Fizyoterapi, torasik osteokondrozun tedavisinde zorunlu bir aşamadır. Jimnastik, kas aparatını güçlendirir, vertebral yapıların normal anatomik pozisyonunu geri yükler, sinir uçları üzerindeki baskıyı azaltır ve intervertebral disklerin çıkıntı ve fıtıklarının gelişmesini engeller.
Egzersiz kompleksleri düzenli olarak ve uzun bir süre boyunca gerçekleştirilmelidir - ancak bu durumda fark edilir bir terapötik etki yaratırlar. İdeal olarak, seanslar bir eğitmenin rehberliğinde yapılmalıdır, çünkü herhangi bir yanlış hareket yaralayabilir ve ağrıya neden olabilir.
Masaj (manuel ve donanımsal etkiler) egzersiz terapisiyle aynı terapötik görevlere sahiptir: ağrı azaltma, kan akışını iyileştirme, kas güçlendirme.
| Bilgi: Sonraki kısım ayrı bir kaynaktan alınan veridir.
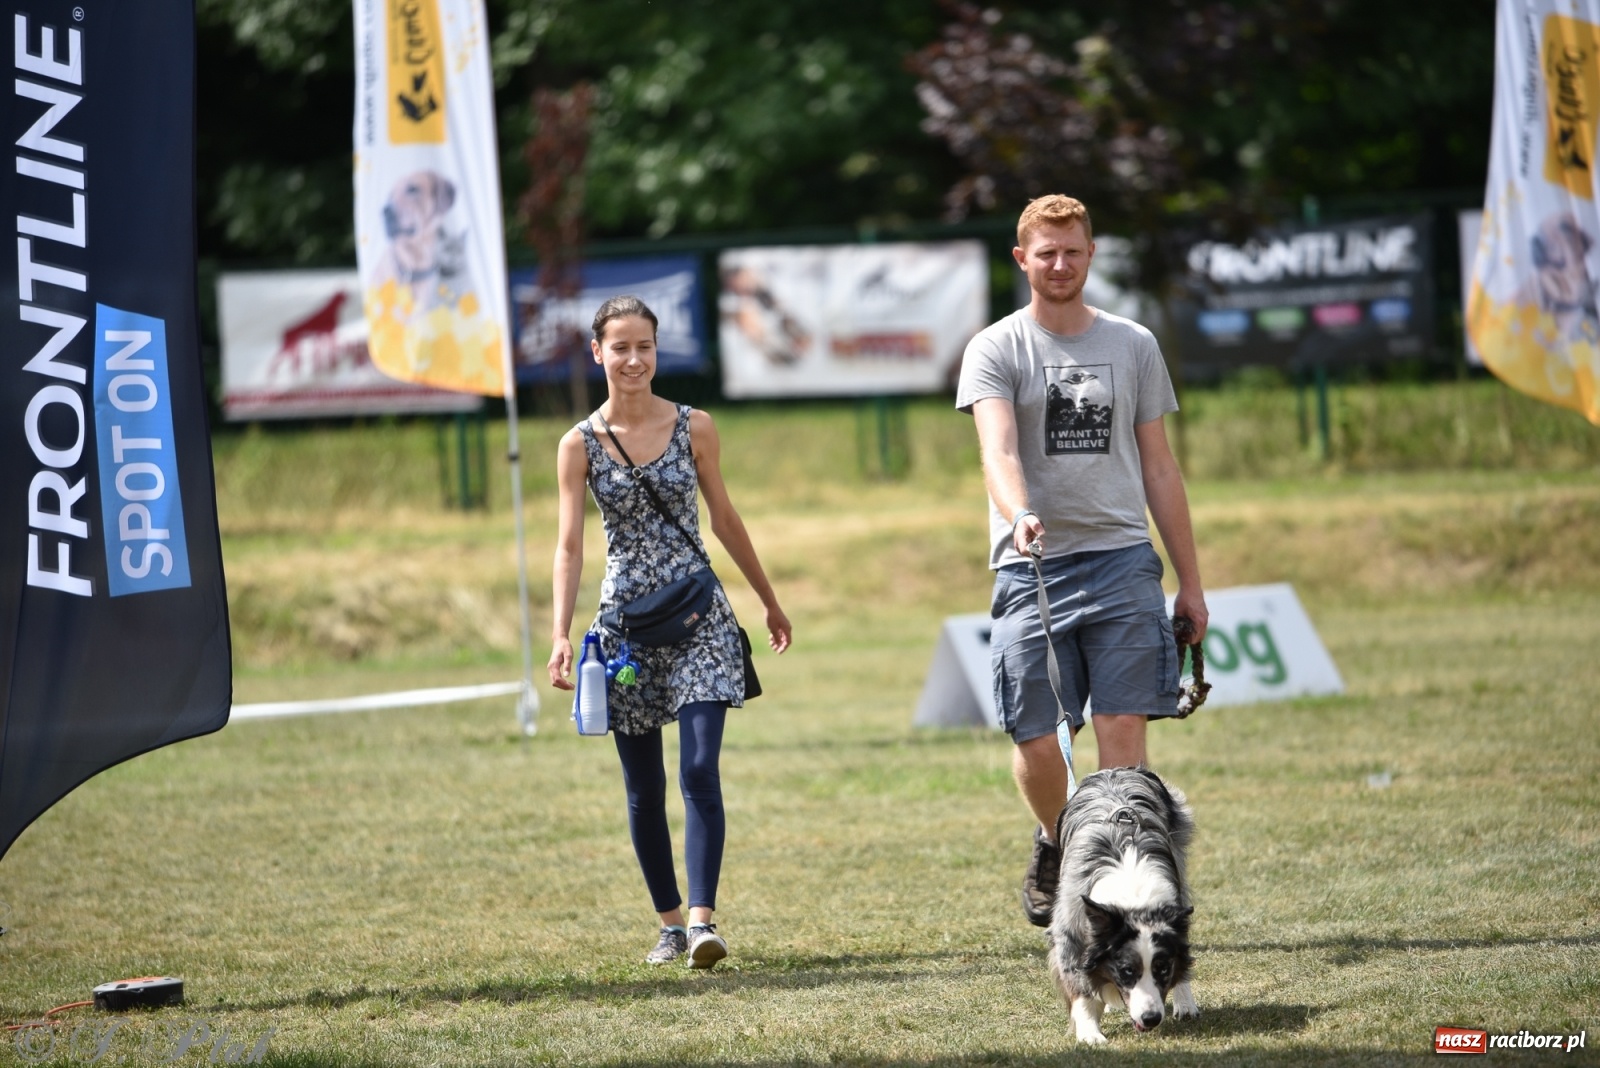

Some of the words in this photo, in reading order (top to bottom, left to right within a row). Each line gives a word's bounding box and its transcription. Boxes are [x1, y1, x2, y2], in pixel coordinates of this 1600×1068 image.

Bir uzmanın elleriyle yapılan etkiye ek olarak, masaj aletleri, aplikatörler, ortopedik cihazların kullanımıyla ilgili pratikler yapıyorlar.
Radikal Tedavi
Modern tıp kurumlarında memenin osteokondrozu için cerrahi, istisnai durumlarda başvurulur - omuriliğin sıkışması gerçek bir tehlike olduğunda veya tehlikeli çıkıntılar ve fıtıklar olduğunda. Omurga cerrahisi her zaman ek bir risktir, bu nedenle müdahaleler nadiren ve sadece deneyimli cerrahlar tarafından yapılır.
Önleme
Hastalığın önlenmesi, uzun süreli (ve bazen yaşam boyu) tedaviden çok daha kolaydır. Ne yazık ki, modern tıp dejeneratif süreçleri tersine çeviremez, yalnızca patolojinin sonuçlarını en aza indirebilir ve akut semptomları ortadan kaldırabilir.
Bu nedenle, osteokondrozun önlenmesi çocukluktan itibaren ele alınmalıdır. Hastalığın gelişimi şu şekilde engellenir: doğru duruş, dengeli beslenme, doğru fiziksel aktivite ve dinlenme değişimi, rahat bir yatakta uyumak. Hastalığın zamanında teşhisi ve doktor tavsiyelerinin sıkı bir şekilde uygulanmasıyla olumlu bir rol oynar.